(Beginning of Data for review)

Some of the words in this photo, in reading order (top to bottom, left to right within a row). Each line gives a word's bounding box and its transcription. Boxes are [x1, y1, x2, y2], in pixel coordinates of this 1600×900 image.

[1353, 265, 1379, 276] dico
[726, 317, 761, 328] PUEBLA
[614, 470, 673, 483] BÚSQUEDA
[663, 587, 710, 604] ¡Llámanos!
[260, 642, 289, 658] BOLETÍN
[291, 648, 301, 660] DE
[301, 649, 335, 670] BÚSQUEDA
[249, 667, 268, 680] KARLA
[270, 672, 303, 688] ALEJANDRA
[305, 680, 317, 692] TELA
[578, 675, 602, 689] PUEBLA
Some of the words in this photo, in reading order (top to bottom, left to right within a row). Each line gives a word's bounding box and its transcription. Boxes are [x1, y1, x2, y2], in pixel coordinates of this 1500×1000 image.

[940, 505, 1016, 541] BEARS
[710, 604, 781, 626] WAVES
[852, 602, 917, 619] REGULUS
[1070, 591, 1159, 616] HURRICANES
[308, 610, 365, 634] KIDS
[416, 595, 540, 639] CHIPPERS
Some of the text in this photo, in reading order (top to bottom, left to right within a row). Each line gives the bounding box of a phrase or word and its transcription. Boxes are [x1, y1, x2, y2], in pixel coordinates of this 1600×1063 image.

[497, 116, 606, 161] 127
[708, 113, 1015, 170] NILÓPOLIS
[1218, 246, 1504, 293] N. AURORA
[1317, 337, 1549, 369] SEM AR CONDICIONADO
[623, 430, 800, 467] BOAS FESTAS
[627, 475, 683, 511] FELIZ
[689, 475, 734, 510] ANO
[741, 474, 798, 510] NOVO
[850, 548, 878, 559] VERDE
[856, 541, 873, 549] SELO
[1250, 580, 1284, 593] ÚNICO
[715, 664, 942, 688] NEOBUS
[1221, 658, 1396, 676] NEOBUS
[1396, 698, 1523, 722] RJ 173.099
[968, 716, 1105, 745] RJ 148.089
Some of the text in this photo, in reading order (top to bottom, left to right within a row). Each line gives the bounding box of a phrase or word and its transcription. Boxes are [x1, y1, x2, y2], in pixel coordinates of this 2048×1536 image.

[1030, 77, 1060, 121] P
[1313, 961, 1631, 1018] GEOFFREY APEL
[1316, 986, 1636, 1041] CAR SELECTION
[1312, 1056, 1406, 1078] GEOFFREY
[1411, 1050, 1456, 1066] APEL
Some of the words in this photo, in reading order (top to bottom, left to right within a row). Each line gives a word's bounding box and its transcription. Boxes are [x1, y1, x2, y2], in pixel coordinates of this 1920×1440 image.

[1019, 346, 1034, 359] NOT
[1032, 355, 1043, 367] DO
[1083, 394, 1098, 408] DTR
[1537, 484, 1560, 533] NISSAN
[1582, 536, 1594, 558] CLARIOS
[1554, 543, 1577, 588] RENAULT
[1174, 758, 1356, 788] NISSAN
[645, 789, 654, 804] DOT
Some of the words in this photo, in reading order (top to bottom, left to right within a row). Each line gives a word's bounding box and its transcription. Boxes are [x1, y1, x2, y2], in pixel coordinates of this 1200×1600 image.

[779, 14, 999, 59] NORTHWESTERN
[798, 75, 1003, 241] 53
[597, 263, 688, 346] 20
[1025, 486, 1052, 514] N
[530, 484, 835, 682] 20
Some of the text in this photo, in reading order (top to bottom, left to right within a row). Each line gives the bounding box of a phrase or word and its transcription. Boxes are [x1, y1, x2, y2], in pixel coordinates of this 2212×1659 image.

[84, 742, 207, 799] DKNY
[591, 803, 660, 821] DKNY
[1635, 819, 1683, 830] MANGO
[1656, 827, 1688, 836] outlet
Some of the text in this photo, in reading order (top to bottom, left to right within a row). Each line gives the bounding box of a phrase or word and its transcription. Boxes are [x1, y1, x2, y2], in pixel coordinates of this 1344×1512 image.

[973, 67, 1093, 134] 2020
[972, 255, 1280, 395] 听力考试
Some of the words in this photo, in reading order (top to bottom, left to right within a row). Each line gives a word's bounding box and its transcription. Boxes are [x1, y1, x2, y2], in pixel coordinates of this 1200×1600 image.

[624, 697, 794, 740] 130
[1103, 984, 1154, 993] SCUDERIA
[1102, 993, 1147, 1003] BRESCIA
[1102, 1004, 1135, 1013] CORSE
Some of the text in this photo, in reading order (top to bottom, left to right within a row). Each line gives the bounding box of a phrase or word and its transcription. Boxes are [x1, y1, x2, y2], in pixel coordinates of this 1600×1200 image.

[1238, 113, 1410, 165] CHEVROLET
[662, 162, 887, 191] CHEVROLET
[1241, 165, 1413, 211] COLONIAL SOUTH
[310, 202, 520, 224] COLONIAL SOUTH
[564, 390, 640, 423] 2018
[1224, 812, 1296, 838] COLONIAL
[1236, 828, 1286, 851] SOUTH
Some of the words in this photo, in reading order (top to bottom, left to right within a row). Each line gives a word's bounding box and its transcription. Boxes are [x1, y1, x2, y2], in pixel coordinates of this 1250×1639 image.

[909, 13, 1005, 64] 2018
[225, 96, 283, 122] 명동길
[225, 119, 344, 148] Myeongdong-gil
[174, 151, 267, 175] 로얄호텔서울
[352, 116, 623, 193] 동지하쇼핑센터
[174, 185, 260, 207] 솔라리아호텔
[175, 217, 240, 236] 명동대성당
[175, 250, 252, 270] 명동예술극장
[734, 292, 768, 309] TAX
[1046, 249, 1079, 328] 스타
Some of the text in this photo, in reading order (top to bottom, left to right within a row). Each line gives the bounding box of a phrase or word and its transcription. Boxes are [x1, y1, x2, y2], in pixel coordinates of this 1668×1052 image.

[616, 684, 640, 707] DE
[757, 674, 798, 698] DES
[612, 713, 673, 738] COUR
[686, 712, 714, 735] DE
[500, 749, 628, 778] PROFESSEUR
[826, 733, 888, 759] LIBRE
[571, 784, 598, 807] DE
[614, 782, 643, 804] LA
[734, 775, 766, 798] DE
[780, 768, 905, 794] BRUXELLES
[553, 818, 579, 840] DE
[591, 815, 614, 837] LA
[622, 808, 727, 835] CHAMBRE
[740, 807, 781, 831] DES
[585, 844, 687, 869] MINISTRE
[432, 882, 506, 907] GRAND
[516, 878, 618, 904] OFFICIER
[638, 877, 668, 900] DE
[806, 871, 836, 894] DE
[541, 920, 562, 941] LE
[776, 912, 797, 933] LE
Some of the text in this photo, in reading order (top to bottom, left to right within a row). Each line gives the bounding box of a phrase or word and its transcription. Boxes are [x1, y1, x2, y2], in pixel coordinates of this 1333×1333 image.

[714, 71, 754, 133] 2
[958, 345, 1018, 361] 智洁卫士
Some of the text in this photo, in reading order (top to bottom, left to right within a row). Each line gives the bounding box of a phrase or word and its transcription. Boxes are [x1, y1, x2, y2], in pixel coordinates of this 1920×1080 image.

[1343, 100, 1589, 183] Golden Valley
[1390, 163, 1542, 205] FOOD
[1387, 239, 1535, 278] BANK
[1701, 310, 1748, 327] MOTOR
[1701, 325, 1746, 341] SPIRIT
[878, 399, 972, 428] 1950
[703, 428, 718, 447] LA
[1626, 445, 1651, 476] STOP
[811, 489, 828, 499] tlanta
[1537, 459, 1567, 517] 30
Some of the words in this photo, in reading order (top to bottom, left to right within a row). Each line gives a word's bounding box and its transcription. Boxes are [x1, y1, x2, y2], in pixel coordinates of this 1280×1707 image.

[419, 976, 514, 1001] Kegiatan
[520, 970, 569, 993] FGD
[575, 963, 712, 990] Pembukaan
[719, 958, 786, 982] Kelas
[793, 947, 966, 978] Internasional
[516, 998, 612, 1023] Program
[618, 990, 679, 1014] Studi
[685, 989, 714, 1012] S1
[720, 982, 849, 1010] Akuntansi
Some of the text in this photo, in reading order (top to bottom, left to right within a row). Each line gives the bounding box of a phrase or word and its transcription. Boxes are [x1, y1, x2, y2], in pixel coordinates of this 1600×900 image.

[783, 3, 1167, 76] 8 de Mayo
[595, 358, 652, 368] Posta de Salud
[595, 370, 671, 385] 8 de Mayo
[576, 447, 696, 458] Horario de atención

(End of Data for review)

Copy exactly the lines from the one containing "this 1333×1333 image." through the last line of the records, both included, and nothing else.

Some of the text in this photo, in reading order (top to bottom, left to right within a row). Each line gives the bounding box of a phrase or word and its transcription. Boxes are [x1, y1, x2, y2], in pixel coordinates of this 1333×1333 image.

[714, 71, 754, 133] 2
[958, 345, 1018, 361] 智洁卫士
Some of the text in this photo, in reading order (top to bottom, left to right within a row). Each line gives the bounding box of a phrase or word and its transcription. Boxes are [x1, y1, x2, y2], in pixel coordinates of this 1920×1080 image.

[1343, 100, 1589, 183] Golden Valley
[1390, 163, 1542, 205] FOOD
[1387, 239, 1535, 278] BANK
[1701, 310, 1748, 327] MOTOR
[1701, 325, 1746, 341] SPIRIT
[878, 399, 972, 428] 1950
[703, 428, 718, 447] LA
[1626, 445, 1651, 476] STOP
[811, 489, 828, 499] tlanta
[1537, 459, 1567, 517] 30
Some of the words in this photo, in reading order (top to bottom, left to right within a row). Each line gives a word's bounding box and its transcription. Boxes are [x1, y1, x2, y2], in pixel coordinates of this 1280×1707 image.

[419, 976, 514, 1001] Kegiatan
[520, 970, 569, 993] FGD
[575, 963, 712, 990] Pembukaan
[719, 958, 786, 982] Kelas
[793, 947, 966, 978] Internasional
[516, 998, 612, 1023] Program
[618, 990, 679, 1014] Studi
[685, 989, 714, 1012] S1
[720, 982, 849, 1010] Akuntansi
Some of the text in this photo, in reading order (top to bottom, left to right within a row). Each line gives the bounding box of a phrase or word and its transcription. Boxes are [x1, y1, x2, y2], in pixel coordinates of this 1600×900 image.

[783, 3, 1167, 76] 8 de Mayo
[595, 358, 652, 368] Posta de Salud
[595, 370, 671, 385] 8 de Mayo
[576, 447, 696, 458] Horario de atención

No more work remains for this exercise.